(PROVIDED DATA begins)

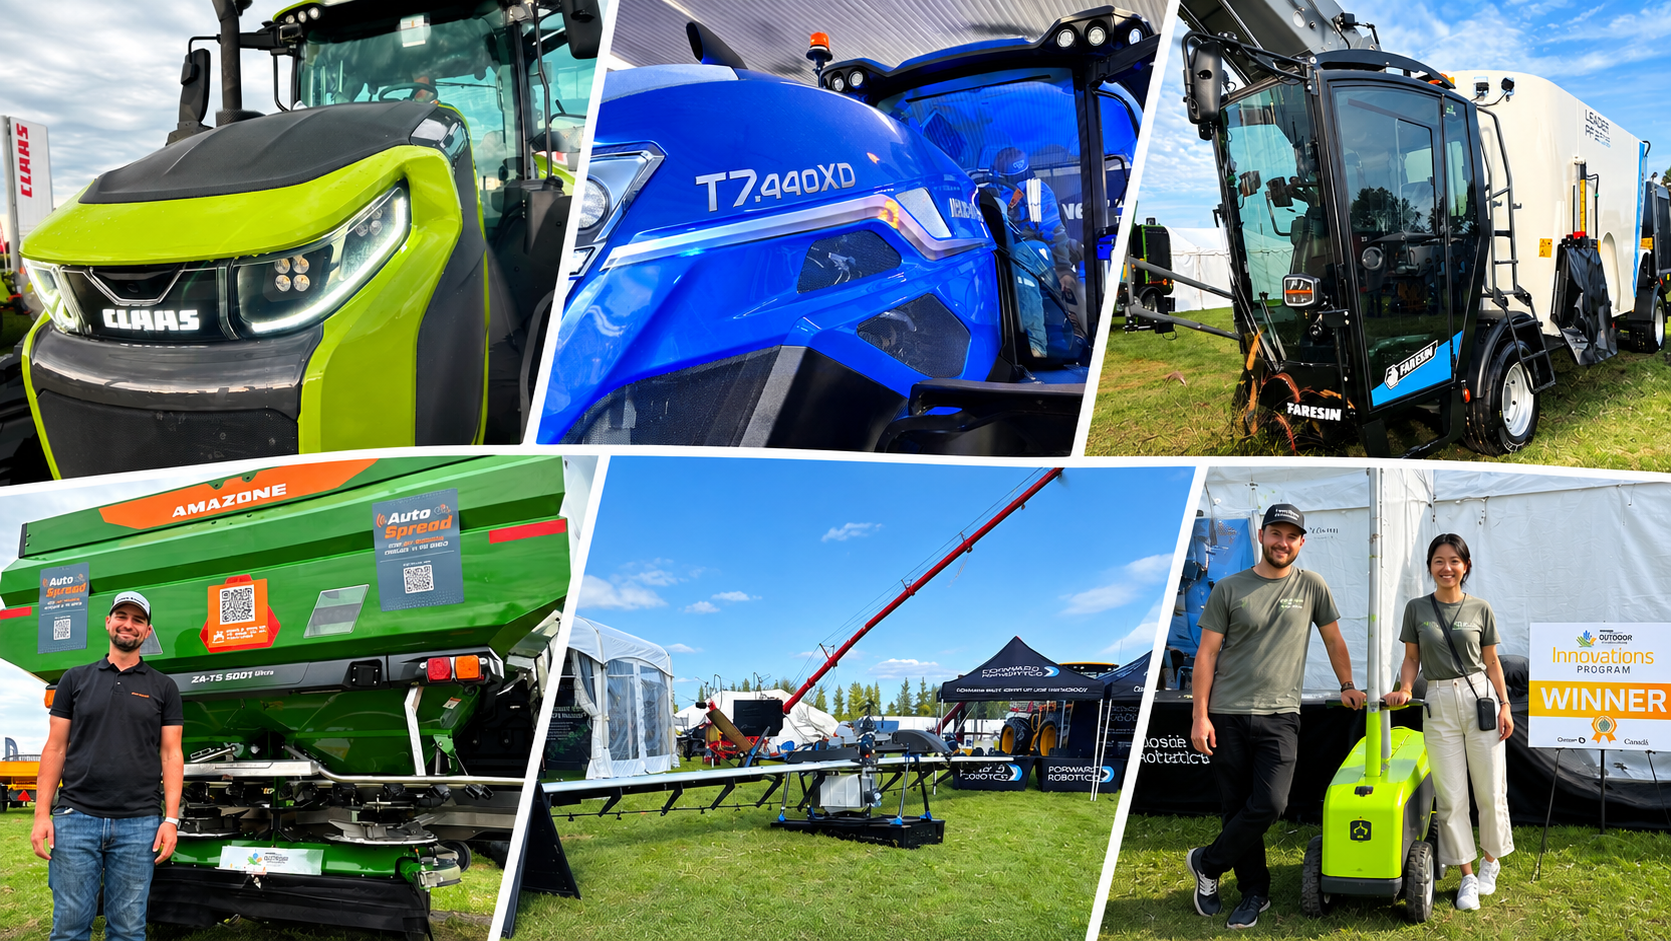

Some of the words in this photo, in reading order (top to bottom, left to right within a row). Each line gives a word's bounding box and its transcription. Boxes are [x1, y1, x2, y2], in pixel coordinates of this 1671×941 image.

[16, 122, 32, 198] CLAAS
[695, 162, 856, 212] T7.440XD
[102, 308, 200, 331] CLAAS
[1286, 402, 1342, 421] FARESIN
[172, 483, 287, 518] AMAZONE
[384, 515, 453, 540] Spread
[387, 509, 431, 525] Auto
[49, 576, 74, 586] Auto
[1552, 646, 1655, 665] Innovations
[191, 674, 223, 684] ZA-TS
[1576, 665, 1631, 674] PROGRAM
[1540, 687, 1667, 713] WINNER
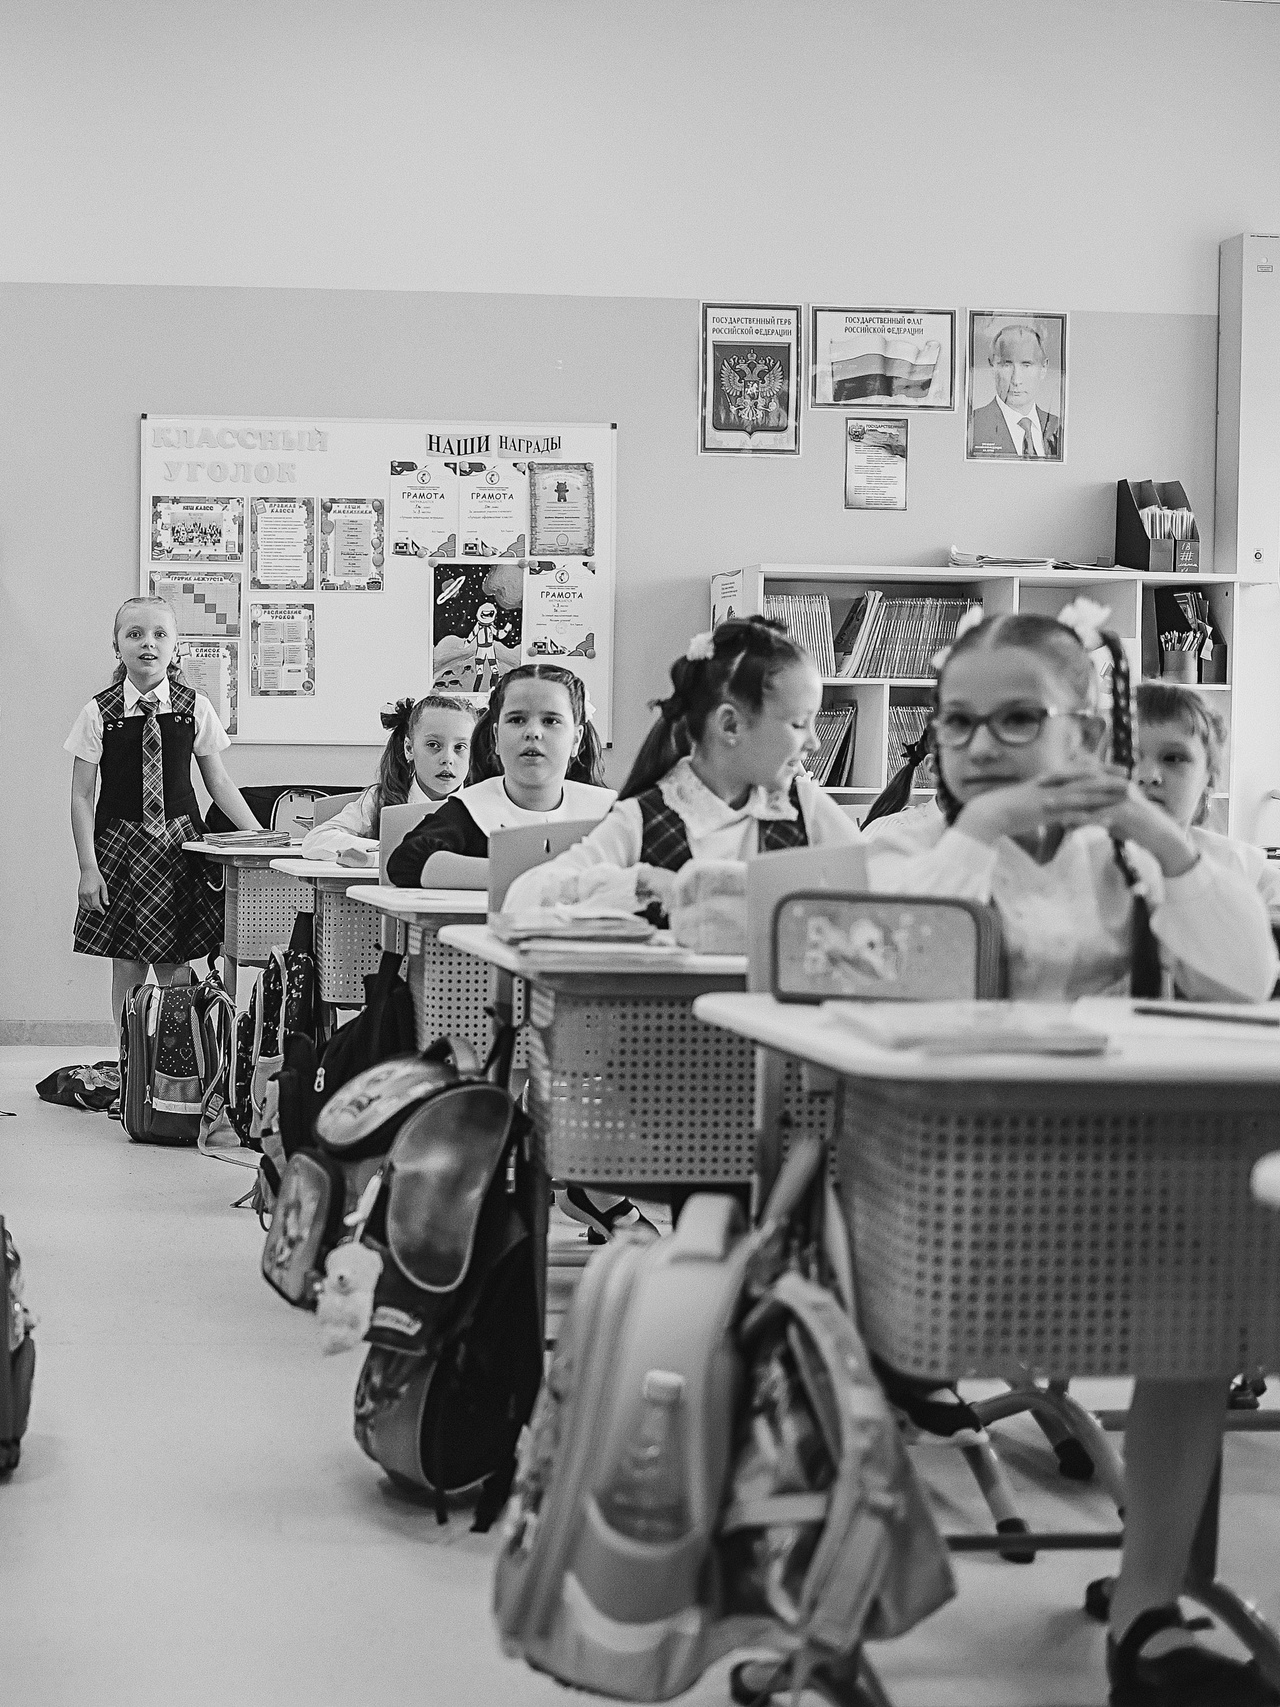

(PROVIDED DATA ends)

*ASSIGNMENT*.
Drop the images and repeat the data exactly.

*OUTPUT FOR THIS EXERCISE*.
Some of the words in this photo, in reading order (top to bottom, left to right within a row). Each line gives a word's bounding box and its transcription. Boxes are [x1, y1, x2, y2], in pixel coordinates of this 1671×941 image.

[16, 122, 32, 198] CLAAS
[695, 162, 856, 212] T7.440XD
[102, 308, 200, 331] CLAAS
[1286, 402, 1342, 421] FARESIN
[172, 483, 287, 518] AMAZONE
[384, 515, 453, 540] Spread
[387, 509, 431, 525] Auto
[49, 576, 74, 586] Auto
[1552, 646, 1655, 665] Innovations
[191, 674, 223, 684] ZA-TS
[1576, 665, 1631, 674] PROGRAM
[1540, 687, 1667, 713] WINNER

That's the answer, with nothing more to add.